Unbestritten ist, dass seitens der Österreichischen Bundesbahnen für den Bw. im Oktober 2001 ein Freifahrausweis ausgestellt wurde und der Bw. seine Benützungsberechtigung dadurch verlor, dass er sein Lehrverhältnis am 27. 10. 2004 auflöste.

Wie dem Antrag auf Ausstellung eines Freifahrausweises zu entnehmen ist, muss ein noch gültiger Freifahrausweis, der nicht mehr benötigt wird, dem Verkehrsunternehmen zurückgegeben werden.

Der Bw. behauptet nun dieser Anordnung nachgekommen zu sein, ohne dies allerdings beweisen zu können.

Seinen Ausführungen zufolge ist der Freifahrausweis am Postweg, eine Versendung wird nicht bestritten, oder "sonst irgendwo" verlorengegangen.

Die Post ermöglicht jedoch gerade in solch heiklen Fällen, eingeschrieben und somit nachgewiesen zu versenden.

Wer sich dieser Serviceleistung nicht bedient, hat das Risiko und die Folgen nicht zugestellter Schriftstücke selbst zu tragen.

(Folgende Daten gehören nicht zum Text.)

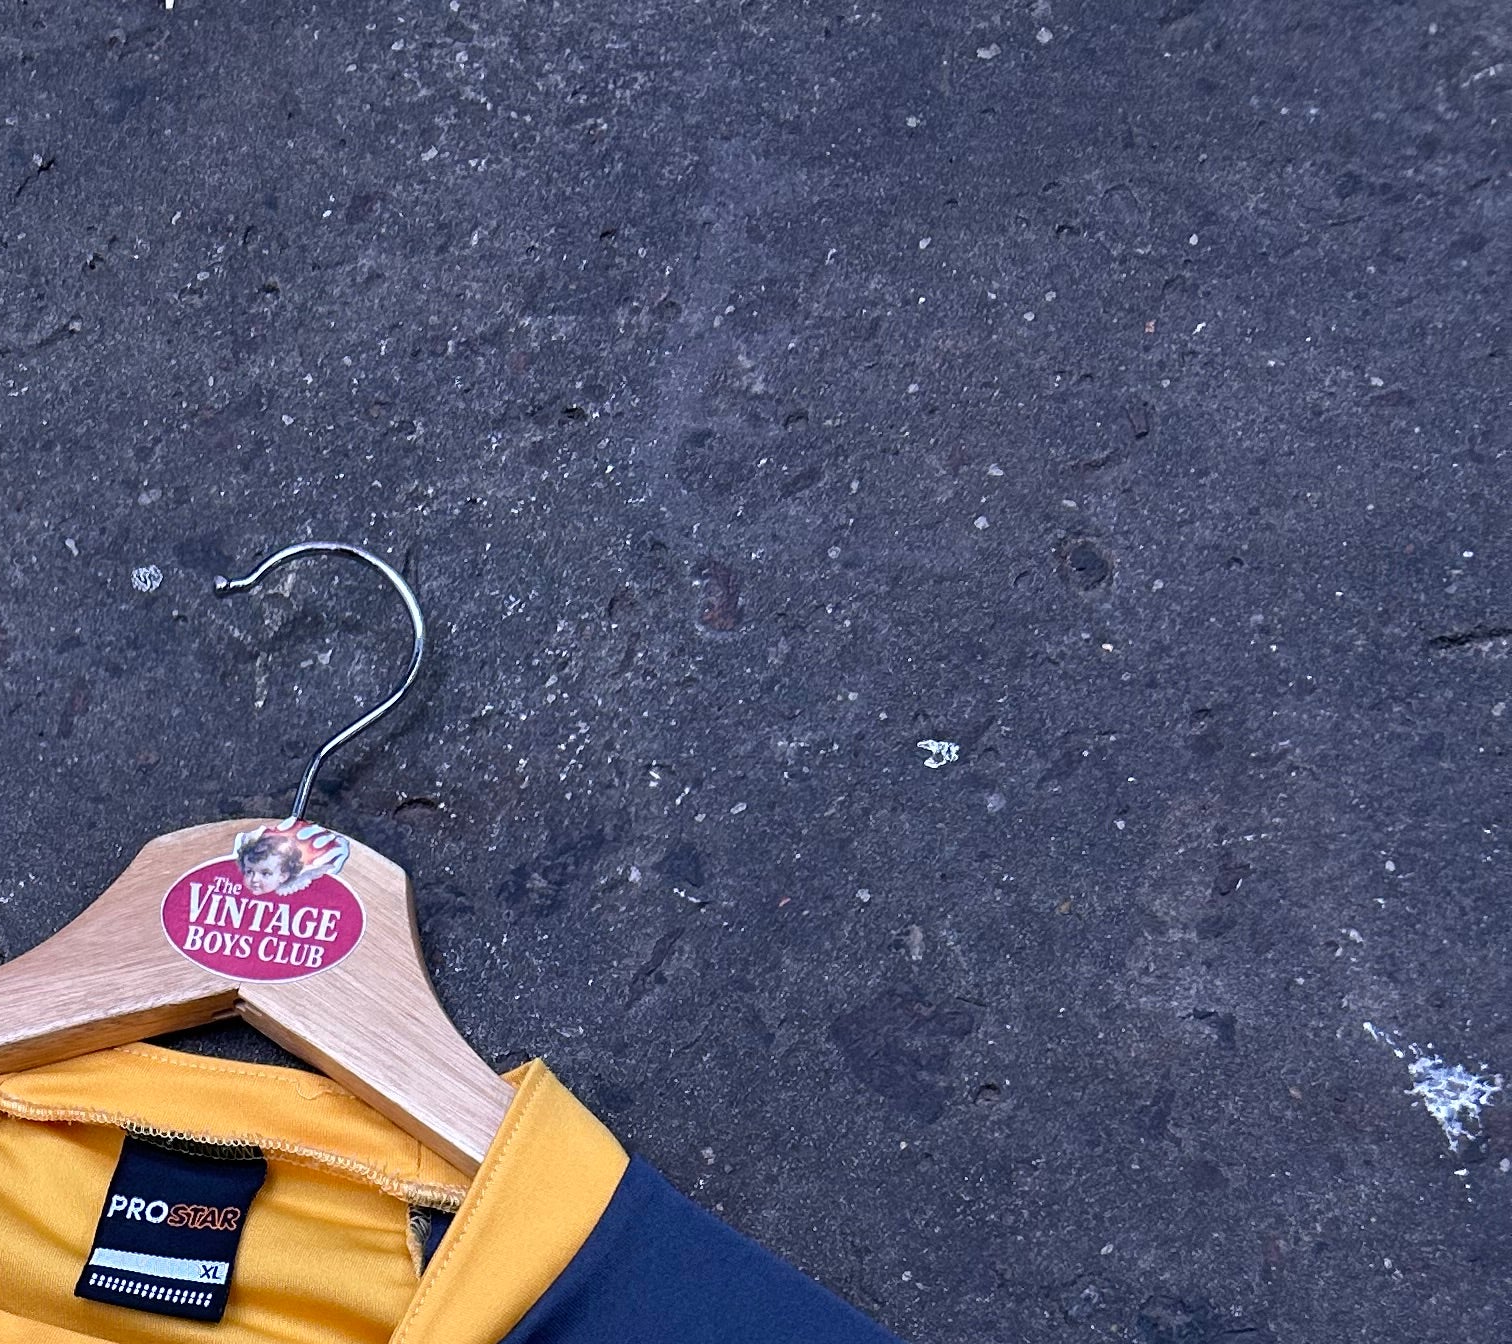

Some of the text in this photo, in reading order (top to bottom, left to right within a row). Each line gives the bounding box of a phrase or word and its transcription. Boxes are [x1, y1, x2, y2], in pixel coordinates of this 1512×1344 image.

[213, 876, 242, 895] The
[189, 882, 341, 942] VINTAGE
[183, 925, 325, 968] BOYS CLUB
[107, 1194, 241, 1230] PROSTAR
[200, 1264, 220, 1280] XL
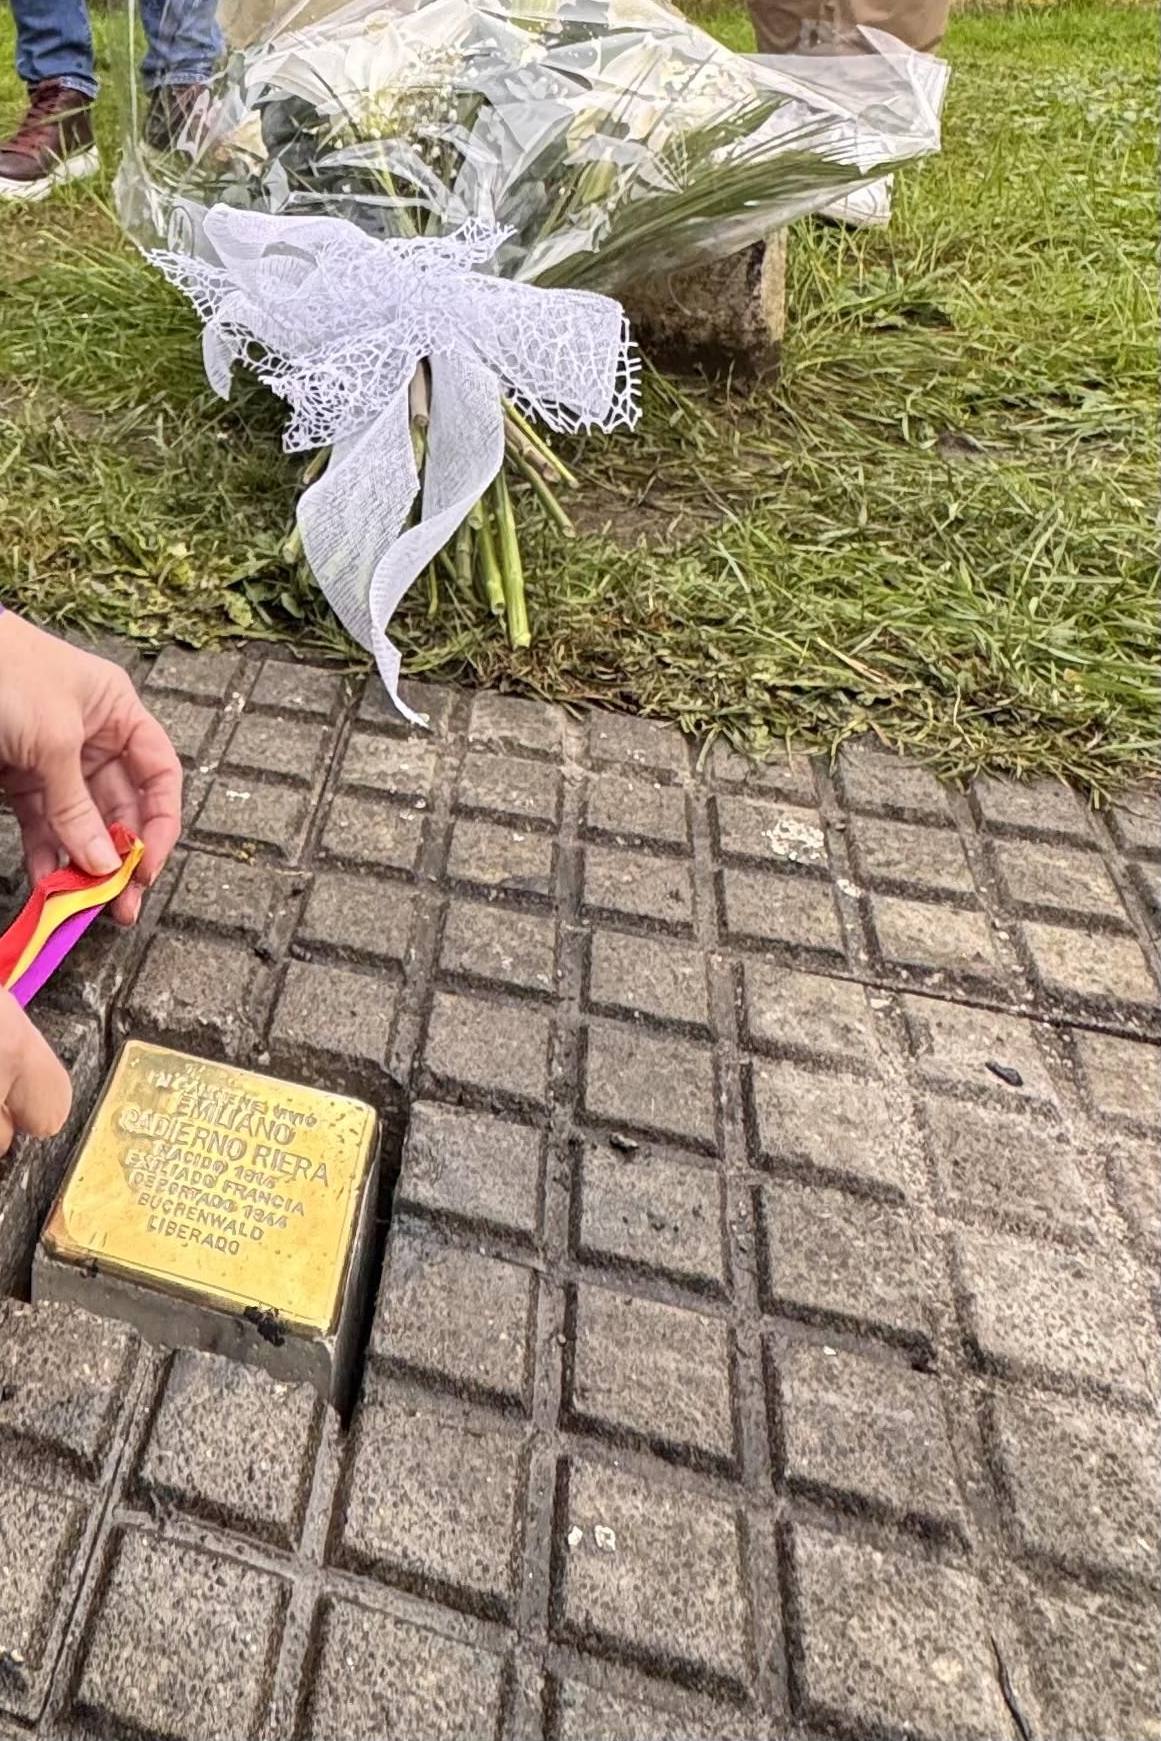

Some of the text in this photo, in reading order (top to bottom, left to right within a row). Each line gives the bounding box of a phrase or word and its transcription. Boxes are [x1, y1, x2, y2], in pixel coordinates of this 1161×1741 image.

[175, 1091, 296, 1146] EMILIANO
[157, 1141, 229, 1174] NACIDO
[252, 1143, 330, 1187] RIERA
[124, 1150, 306, 1217] EXILIADO FRANCIA
[132, 1171, 239, 1214] DEPORTADO
[137, 1192, 265, 1242] BUCHENWALD
[145, 1216, 241, 1257] LIBERADO

Die der Berufung und dem Vorlageantrag zu entnehmenden Gründe, wie Arbeit im Heimatort und somit kein Bedarf eines Freifahrausweises bzw. Postverschulden oder "irgendein" Verschulden sind Schutzbehauptungen und nicht geeignet, den postalischen Nachweis zu ersetzen.

Da der Rückforderungsbetrag € 170,51 beträgt, kann auch von einer Festsetzung des Ersatzes im Rahmen einer Berufungserledigung nicht Abstand genommen werden.

Es war sohin spruchgemäß zu entscheiden.